In a sense, this is probably the single most important idea the tute bianche can leave us, the idea that there is a time and a place for everything, and backing off, or knowing ones' limitations, or that regrouping for another day doesn't translate into a "reformist" approach, or "not militant enough", and so on. If we look at the act of throwing off the overalls, just before the mobilization, as it plays with the notions outlined repeatedly regarding this, then the point was made, that the position of visibility was attained, 300,000 people and the worlds' attention was enough.
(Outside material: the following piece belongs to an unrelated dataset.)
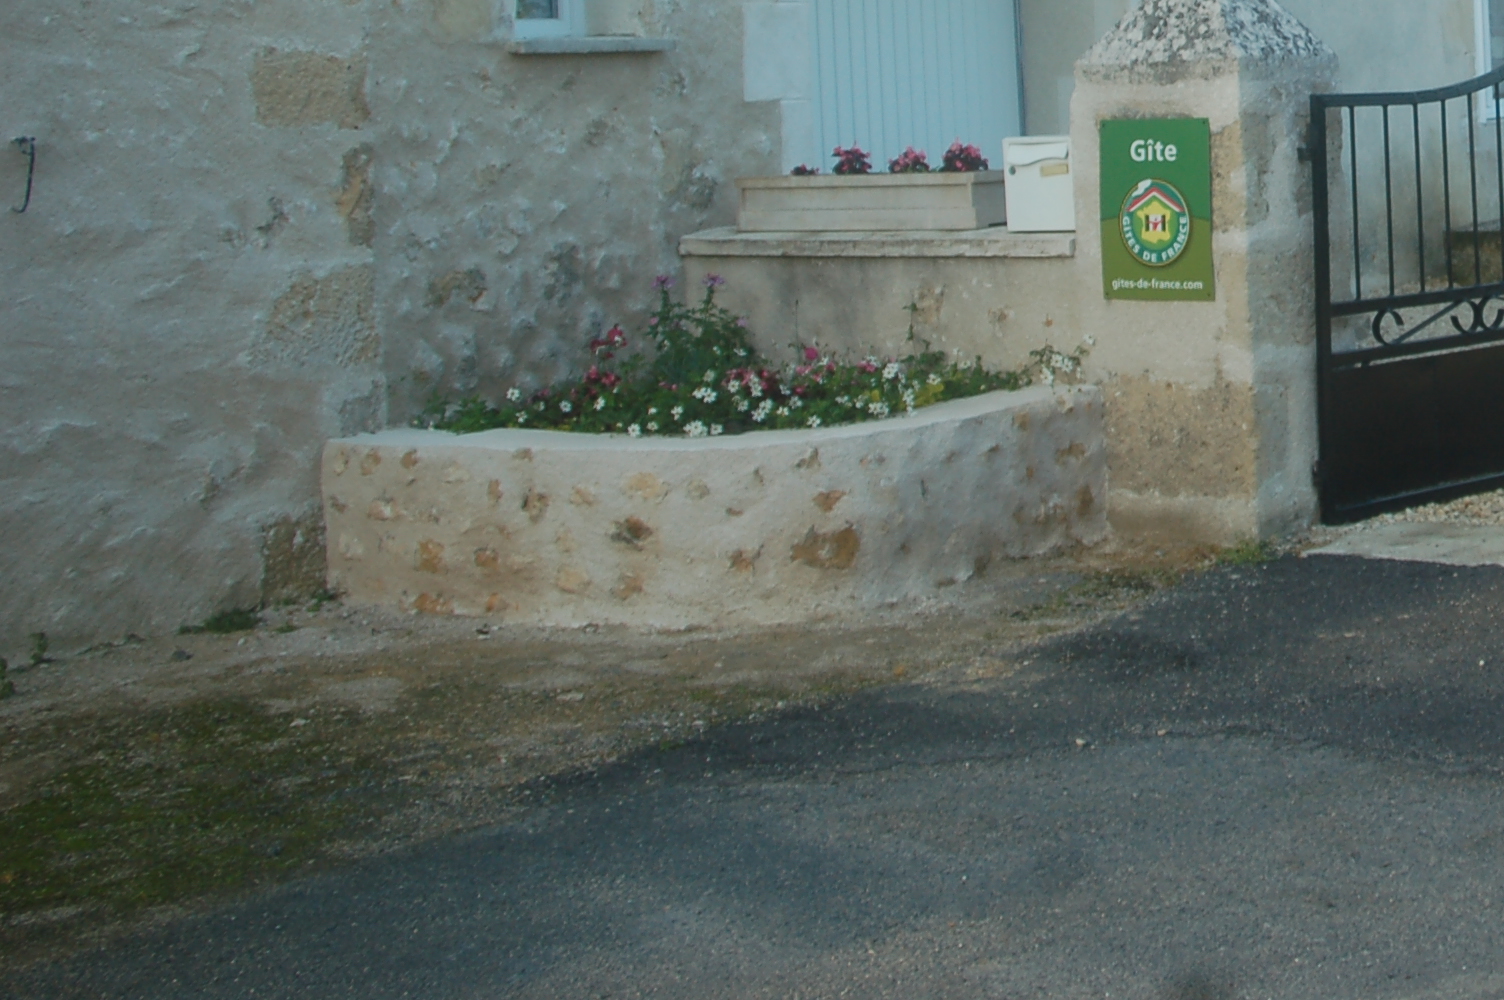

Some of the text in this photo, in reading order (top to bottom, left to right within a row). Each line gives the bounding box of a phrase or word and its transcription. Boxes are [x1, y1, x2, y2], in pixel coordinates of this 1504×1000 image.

As far as the specific tactical utility here and now, I think it's obvious that we have neither the time nor effort behind us, as far as our place in the movement is concerned. But to also think that we could simply do away with the overalls because our Italian friends found reason, is to miss the larger point of why we would wear them in the first place. We've only just begun a process of proposing the idea as it could relate to resistance in North America.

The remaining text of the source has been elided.